#### [Activity]
Where an entry below contains an image, skip the image and copy the rest exactly.

#### [Referring expression grounding data]
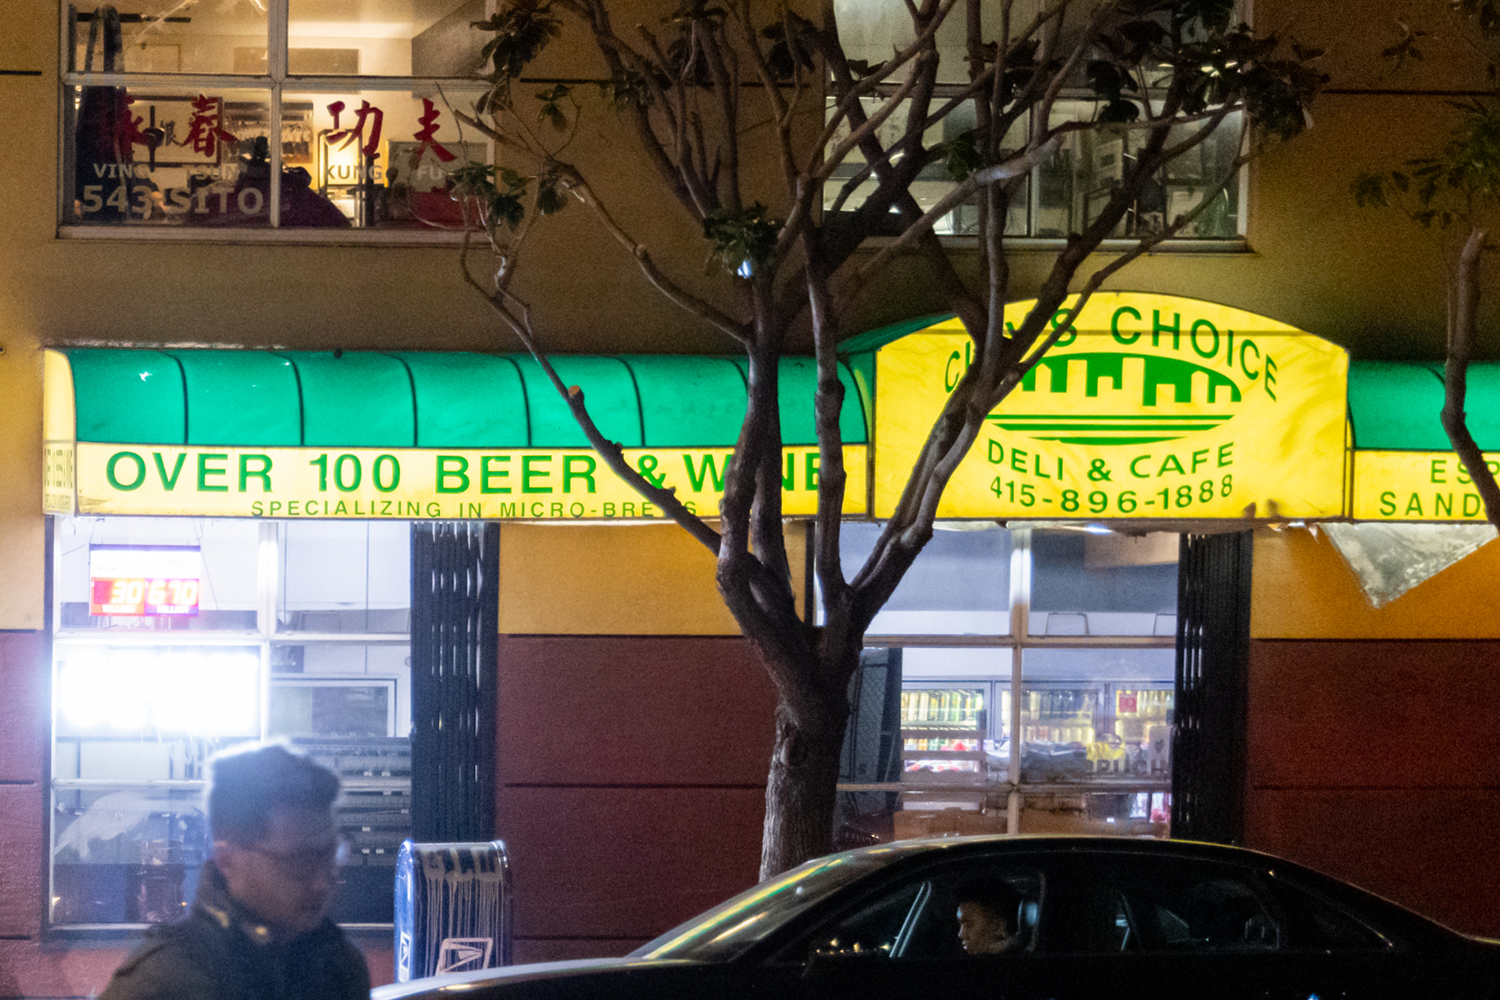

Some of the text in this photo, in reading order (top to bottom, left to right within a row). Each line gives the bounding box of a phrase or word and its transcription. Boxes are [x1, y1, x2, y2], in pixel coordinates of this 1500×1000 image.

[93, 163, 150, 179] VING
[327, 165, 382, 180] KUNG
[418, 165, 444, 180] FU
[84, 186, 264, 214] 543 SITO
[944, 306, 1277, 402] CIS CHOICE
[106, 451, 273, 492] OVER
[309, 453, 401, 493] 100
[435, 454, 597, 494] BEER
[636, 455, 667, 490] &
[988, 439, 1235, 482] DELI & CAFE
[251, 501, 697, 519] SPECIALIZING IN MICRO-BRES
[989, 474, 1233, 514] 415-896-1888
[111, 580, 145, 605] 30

#### [Completed task]
Some of the text in this photo, in reading order (top to bottom, left to right within a row). Each line gives the bounding box of a phrase or word and its transcription. Boxes are [x1, y1, x2, y2], in pixel coordinates of this 1500×1000 image.

[93, 163, 150, 179] VING
[327, 165, 382, 180] KUNG
[418, 165, 444, 180] FU
[84, 186, 264, 214] 543 SITO
[944, 306, 1277, 402] CIS CHOICE
[106, 451, 273, 492] OVER
[309, 453, 401, 493] 100
[435, 454, 597, 494] BEER
[636, 455, 667, 490] &
[988, 439, 1235, 482] DELI & CAFE
[251, 501, 697, 519] SPECIALIZING IN MICRO-BRES
[989, 474, 1233, 514] 415-896-1888
[111, 580, 145, 605] 30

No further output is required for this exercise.